Context-Gloss Augmentation for Improving Arabic Target Sense Verification
This work addresses the problem of limited semantic resources for Arabic natural language processing, but it is incremental as it builds on an existing dataset with modest performance gains.
The paper tackled the lack of semantic datasets for Arabic by augmenting the ArabGlossBERT dataset using machine back-translation, increasing it from 167K to 352K context-gloss pairs, and achieved accuracy between 78% to 84% on target sense verification tasks.

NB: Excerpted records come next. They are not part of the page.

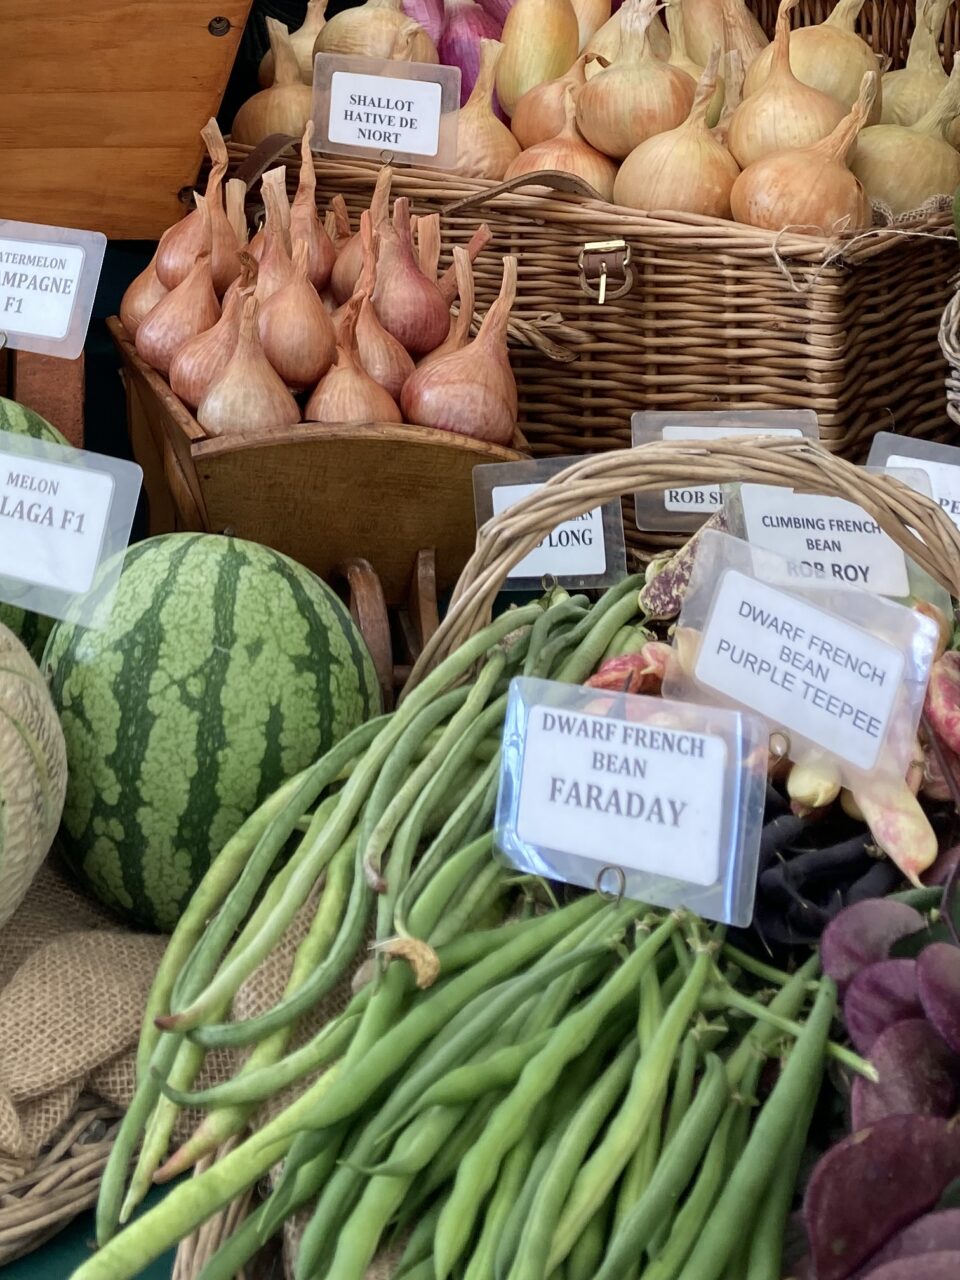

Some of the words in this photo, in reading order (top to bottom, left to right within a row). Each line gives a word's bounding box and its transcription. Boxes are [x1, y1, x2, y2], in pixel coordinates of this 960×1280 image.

[349, 94, 415, 112] SHALLOT
[344, 110, 396, 127] HATIVE
[399, 117, 418, 130] DE
[357, 128, 402, 144] NIORT
[3, 296, 24, 314] F1
[6, 472, 60, 496] MELON
[669, 490, 705, 504] ROB
[60, 509, 86, 534] F1
[762, 515, 825, 531] CLIMBING
[829, 519, 881, 534] FRENCH
[549, 529, 593, 547] LONG
[806, 538, 842, 553] BEAN
[787, 560, 826, 580] ROB
[832, 563, 869, 583] ROY
[739, 600, 805, 642] DWARF
[808, 635, 886, 686] FRENCH
[779, 645, 830, 683] BEAN
[717, 639, 796, 692] PURPLE
[802, 681, 882, 738] TEEPEE
[542, 712, 617, 740] DWARF
[622, 725, 705, 758] FRENCH
[592, 750, 647, 779] BEAN
[548, 776, 688, 828] FARADAY
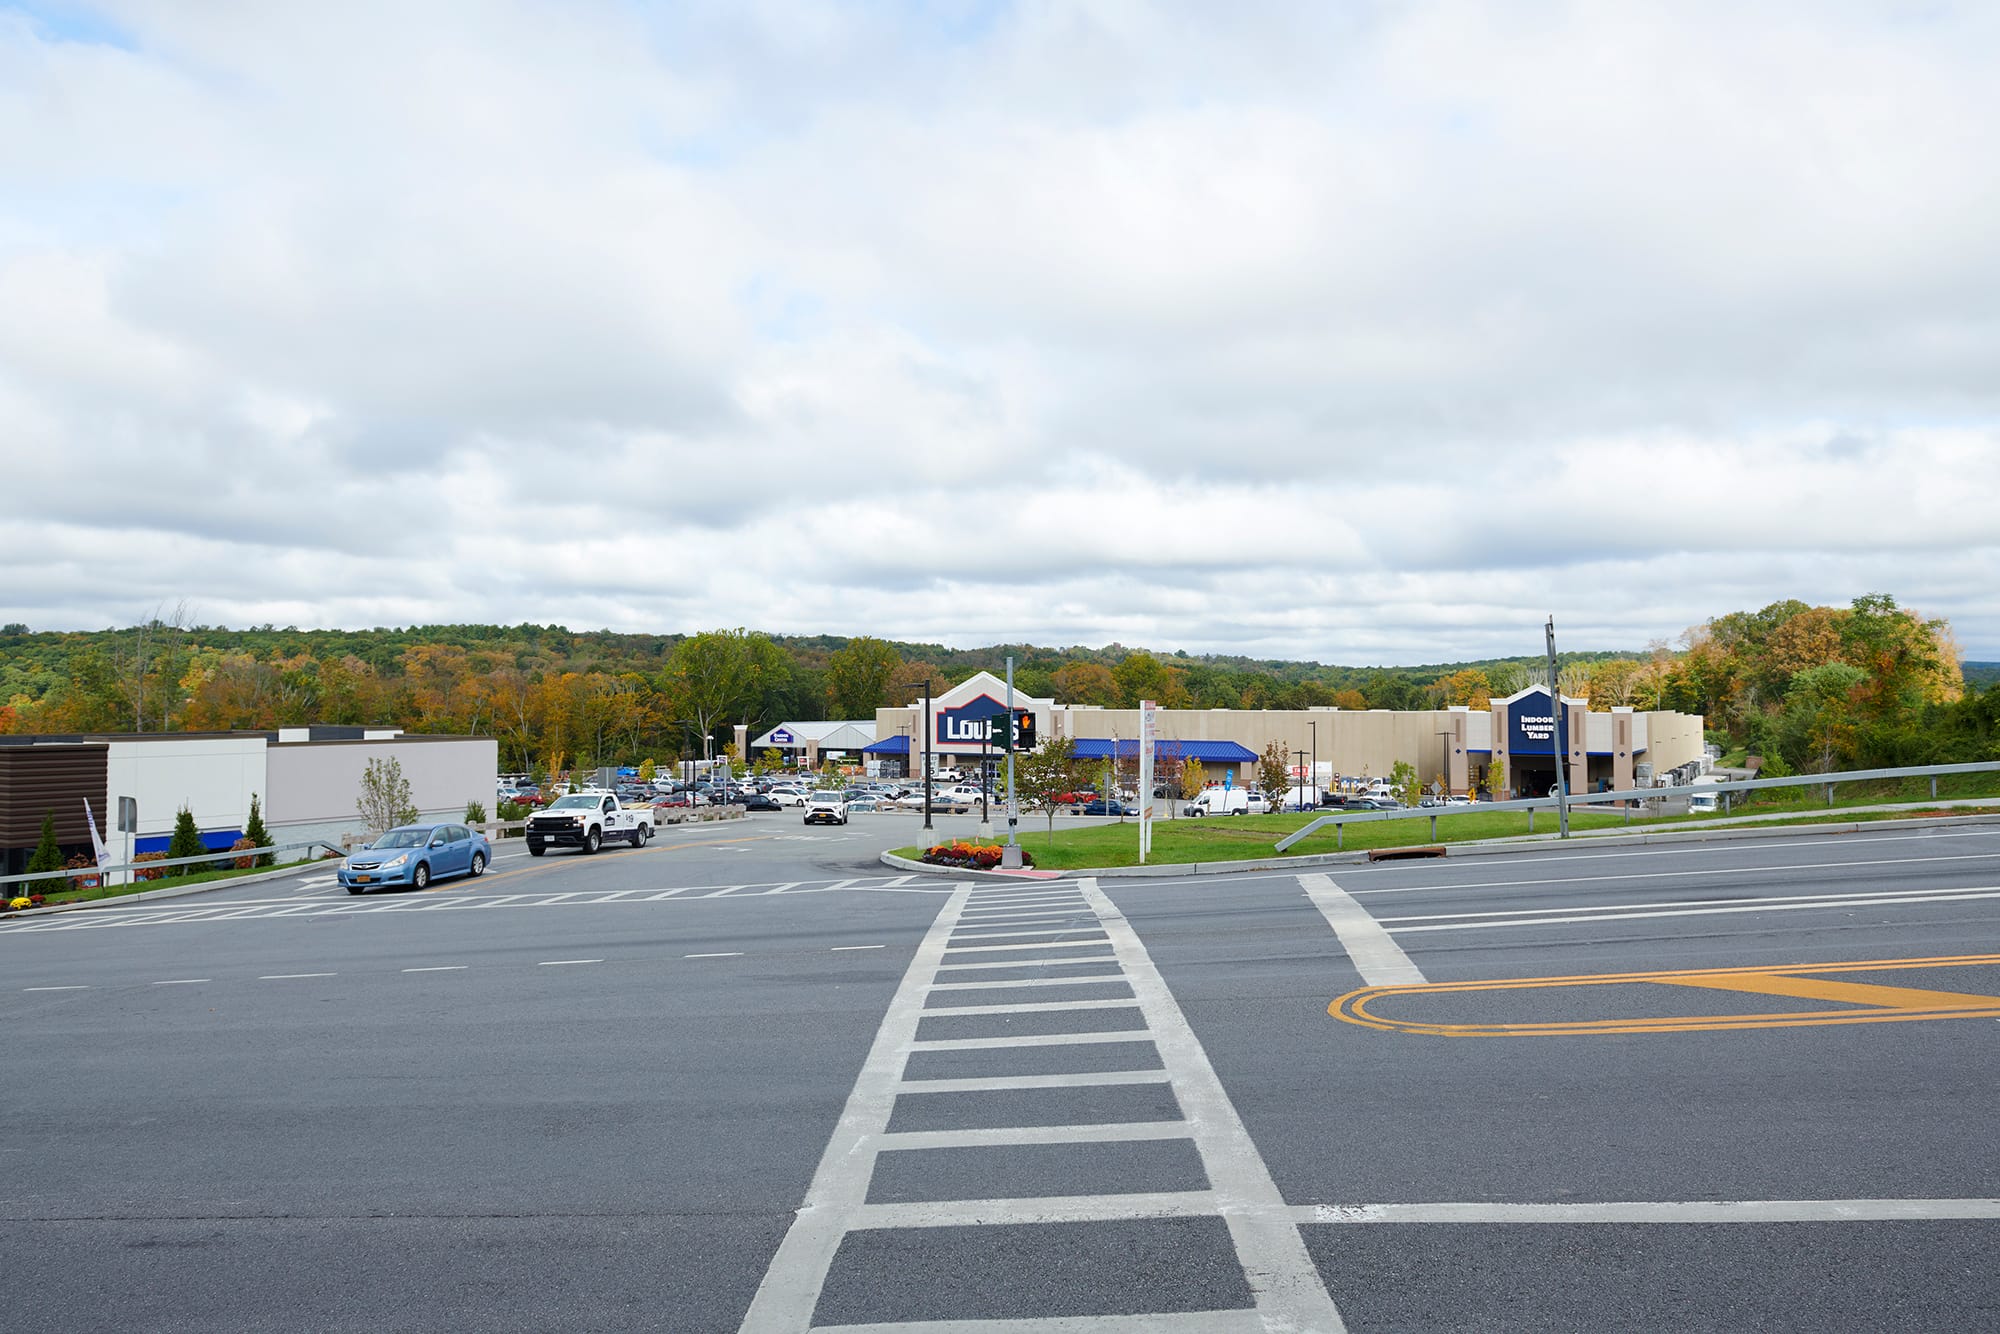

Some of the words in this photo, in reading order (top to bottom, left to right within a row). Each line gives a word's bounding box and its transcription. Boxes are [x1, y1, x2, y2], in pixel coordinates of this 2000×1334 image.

[1521, 715, 1554, 723] INDOOR
[947, 716, 1020, 740] LOWS
[1521, 723, 1554, 732] LUMBER
[1526, 731, 1550, 739] YARD
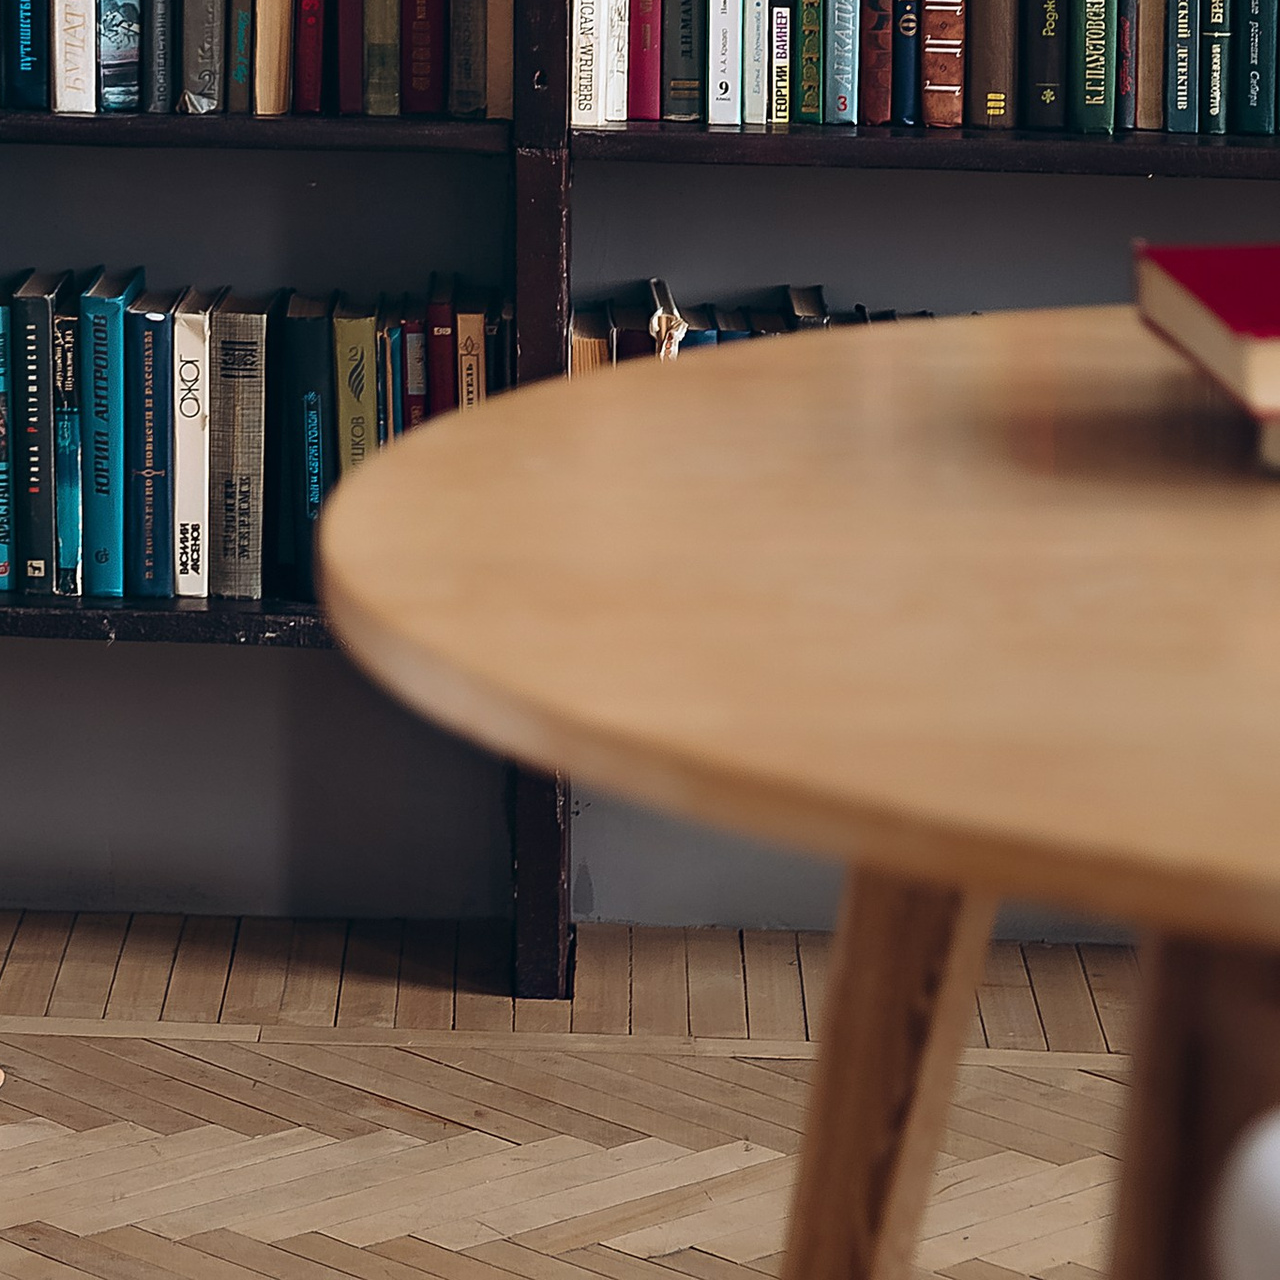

Arabic language lacks semantic datasets and sense inventories. The most common semantically-labeled dataset for Arabic is the ArabGlossBERT, a relatively small dataset that consists of 167K context-gloss pairs (about 60K positive and 107K negative pairs), collected from Arabic dictionaries. This paper presents an enrichment to the ArabGlossBERT dataset, by augmenting it using (Arabic-English-Arabic) machine back-translation. Augmentation increased the dataset size to 352K pairs (149K positive and 203K negative pairs). We measure the impact of augmentation using different data configurations to fine-tune BERT on target sense verification (TSV) task. Overall, the accuracy ranges between 78% to 84% for different data configurations. Although our approach performed at par with the baseline, we did observe some improvements for some POS tags in some experiments. Furthermore, our fine-tuned models are trained on a larger dataset covering larger vocabulary and contexts. We provide an in-depth analysis of the accuracy for each part-of-speech (POS).